Strong stimulations continued until the end of delivery and episiotomy, and then the device was gradually withdrawn[17].
3 Observation of Efficacy
3.1 Observation items
Two tools were used. The first one was a checklist consisting of questions about demographic data (age,marital status, education level, and job), pregnancy(gestational age, abortion, infertility, membrane status,and fetal weight estimate), and delivery (episiotomy,Apgar score, infant weight, infant sex, duration of the first and second stages of labor, and vaginal hemorrhage).
The outcome was measured using the visual analog scale (VAS) at baseline and then at 4, 6, 8, and 10 cm of cervical dilation, the second stage of labor, during episiotomy, and the first hour after the delivery. The 10-centimeter spectrum ranges from zero (which shows free of pain) to 10 (which demonstrates an extreme intensity of pain). It assesses the participant’s pain intensity. The relative change in pain intensity was calculated as follows. The relative change of pain intensity = (VAS score at the baseline - VAS score at each stage) ÷ VAS score at the baseline × 100%.
3.2 Results
3.2.1 General data
A total of 144 women who were referred to Razi Hospital were enrolled in the study. Due to the loss of samples during the study, the final dataset comprised 130 individuals (64 cases in the intervention group and 66 cases in the control group), (Figure 2). Demographic characteristics were similar in women between the intervention group and the control group due to randomization (P>0.05), (Table 1).
3.2.2 VAS score
Results of multivariate tests of repeated measures ANOVA showed that the interaction between time and group was statistically significant (Wilks’ Lambda=0.345,P<0.001). The univariate test also showed that this interaction effect was statistically significant (Partial Eta Squared=0.345,P<0.001), (Table 2).

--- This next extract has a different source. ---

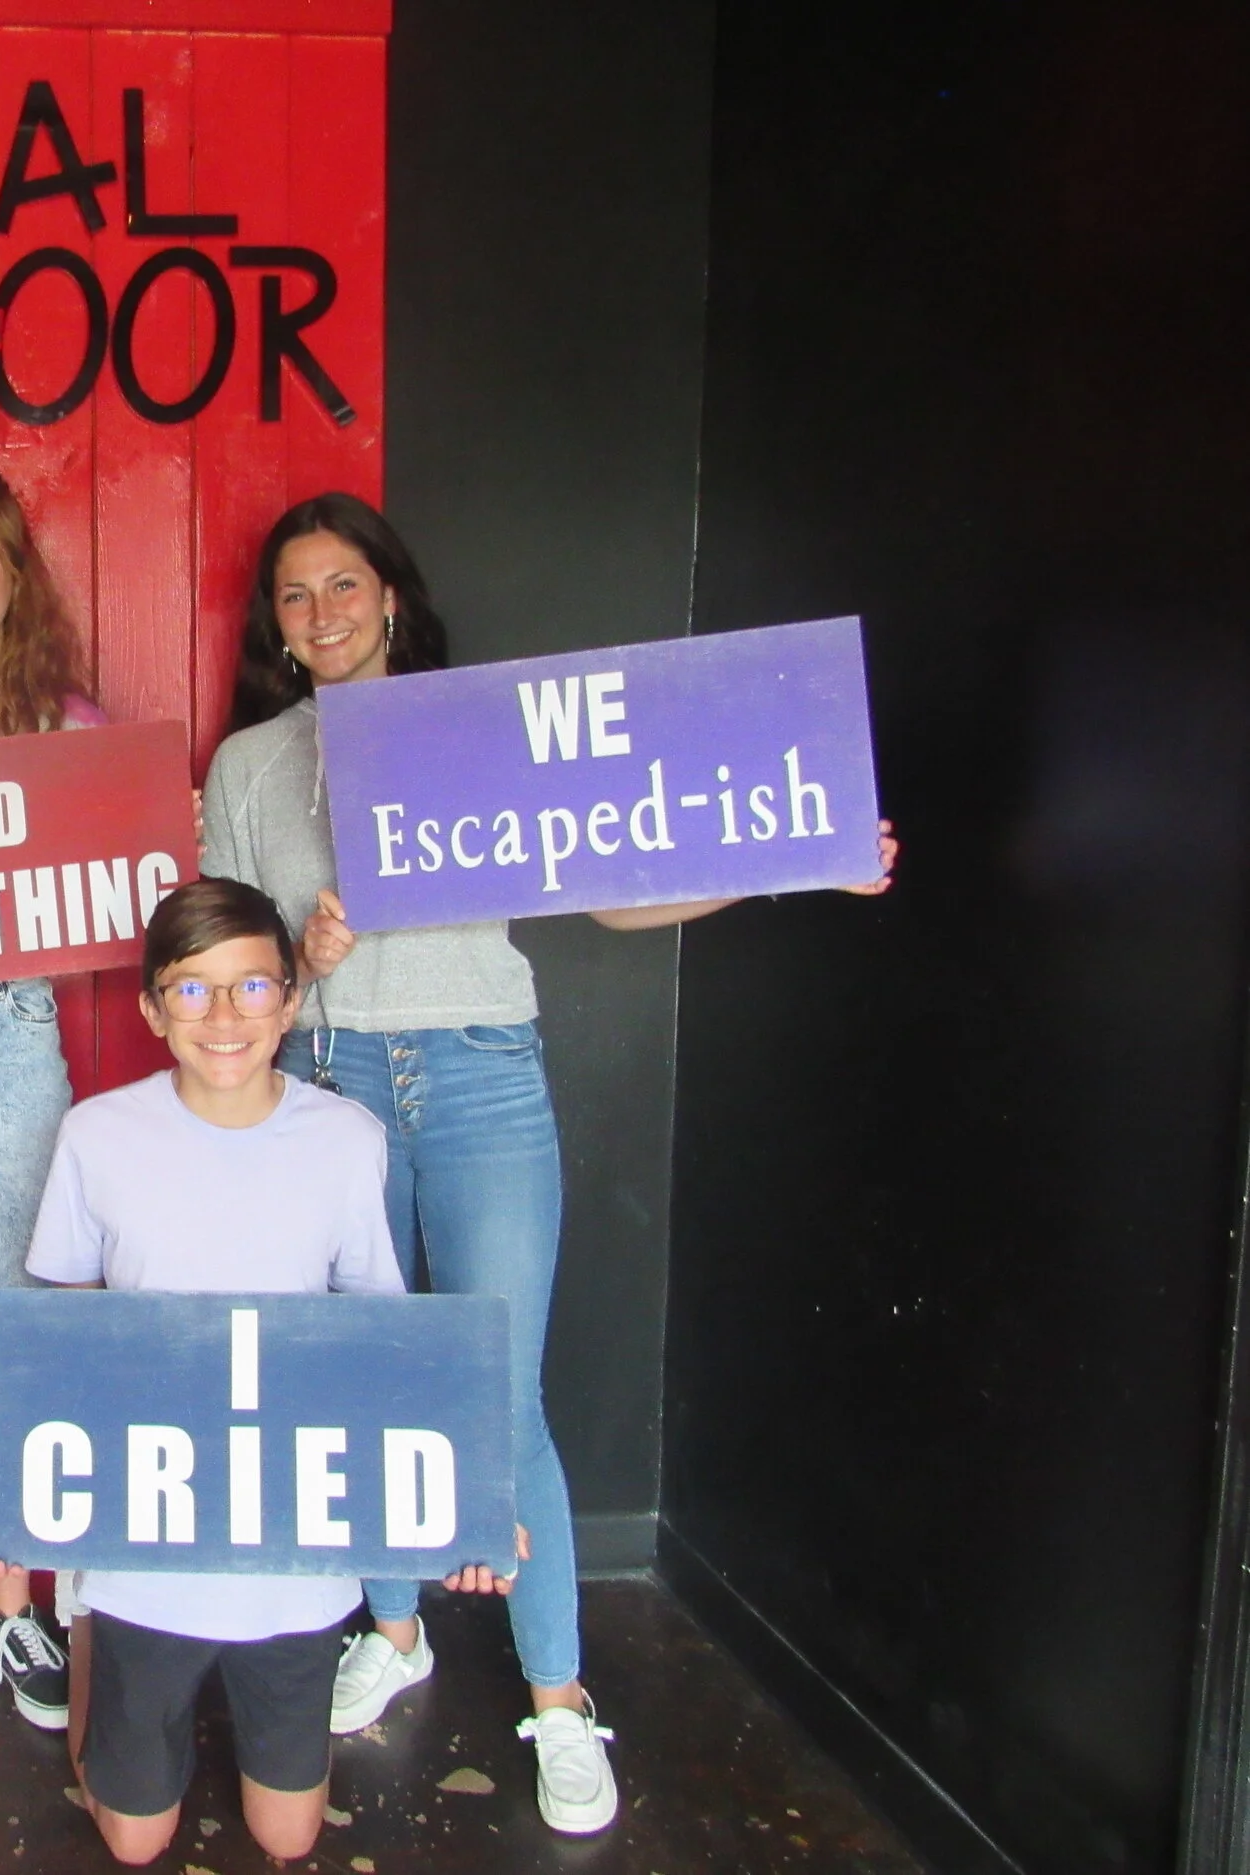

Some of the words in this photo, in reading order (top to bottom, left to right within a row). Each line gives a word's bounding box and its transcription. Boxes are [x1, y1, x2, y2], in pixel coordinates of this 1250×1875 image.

The VAS scores of the intervention group were significantly lower than those of the control group in the first and second stages of labor, at episiotomy, and one hour after the delivery (P<0.001), (Table 3).
In the first stage of labor during progressing cervical dilation from 6 cm to full dilatation, the results showed a significant difference in the pain intensity at the beginning of the intervention (P<0.001). In the second stage of labor, the intensity of pain was also significantly lower than that in the control group (P<0.001). In addition, the intensities of the pain at episiotomy and one hour after the delivery were significantly lower than those in the control group (P<0.001), (Figure 3). The pain intensity of the intervention group decreased from the beginning of labor to 37.8% at the end of the first stage compared with that before intervention (Figure 4). In the control group, the severity of pain in the first stage increased by 61.6% compared with the beginning. After the delivery and one hour later, there were decreases in the pain intensity in both groups. However, the decreases in the intervention group were significantly greater (P<0.001).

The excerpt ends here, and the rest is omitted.